Imaging of Sacral Tumors: Experience of the Rizzoli Institute



Fig. 5.1
Sacral chordoma in a 55-year-old woman. (a, b) Axial and sagittal CT scan. Large osteolytic lesion arising in the midline from the lower sacrum. The mass shows low attenuation and some internal calcifications. (c) Sagittal T1-w MRI, (d) oblique coronal T-2 weighted MRI: the lesion has a low signal intensity on T1-w images and a high signal intensity on T2-w images; it extends in the spinal canal and in the presacral space



Septations can be present and appear as hypointense on T2-w images. Small foci of low signal intensity on T2-w images can represent hemosiderin deposits from previous hemorrhage [11].

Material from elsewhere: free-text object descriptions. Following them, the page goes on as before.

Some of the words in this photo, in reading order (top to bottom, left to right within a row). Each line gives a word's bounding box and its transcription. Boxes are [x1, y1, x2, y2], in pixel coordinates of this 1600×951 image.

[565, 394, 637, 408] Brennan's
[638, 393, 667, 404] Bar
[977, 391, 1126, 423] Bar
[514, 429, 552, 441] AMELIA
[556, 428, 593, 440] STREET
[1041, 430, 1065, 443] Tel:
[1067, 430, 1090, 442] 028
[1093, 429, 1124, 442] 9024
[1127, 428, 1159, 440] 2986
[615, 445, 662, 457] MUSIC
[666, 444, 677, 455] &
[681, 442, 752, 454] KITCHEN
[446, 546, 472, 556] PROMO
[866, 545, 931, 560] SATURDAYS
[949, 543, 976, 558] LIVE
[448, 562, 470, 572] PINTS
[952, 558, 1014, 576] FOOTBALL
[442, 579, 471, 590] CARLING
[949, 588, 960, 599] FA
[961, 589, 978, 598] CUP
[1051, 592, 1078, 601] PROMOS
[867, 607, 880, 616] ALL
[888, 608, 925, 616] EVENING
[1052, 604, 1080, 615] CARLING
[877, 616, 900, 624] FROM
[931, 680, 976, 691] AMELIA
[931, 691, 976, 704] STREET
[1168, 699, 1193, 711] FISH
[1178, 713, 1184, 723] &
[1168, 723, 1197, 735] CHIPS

The main differential diagnosis of sacral chordoma include chondrosarcoma, benign notochordal cell tumor (BNCT), giant cell tumor, Plasmacytoma, myxopapillary ependymoma, and metastases.

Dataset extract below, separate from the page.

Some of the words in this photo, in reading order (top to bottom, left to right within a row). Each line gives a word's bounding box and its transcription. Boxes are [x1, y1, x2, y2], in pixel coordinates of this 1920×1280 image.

The characteristic signs in favor of chordoma are its usually midline position, situated very low in the sacrum (S3 to S5) and extended upward in the sacral canal.

Chondrosarcoma constitutes the major differential diagnosis, especially in the presence of tumor calcifications, often observed in chondroid chordomas. The location (chondrosarcoma arise off midline, from the sacro-iliac cartilage), a heterogeneous signal intensity on T2-w images, the lack of areas of hemorrhage within the tumor, and septations contrast enhancement may help in the diagnosis of chondrosacroma [12]. Diffusion weighted-MRI can be useful in differential diagnosis since ADC values seem to be higher in chondrosarcoma than in chordoma [13].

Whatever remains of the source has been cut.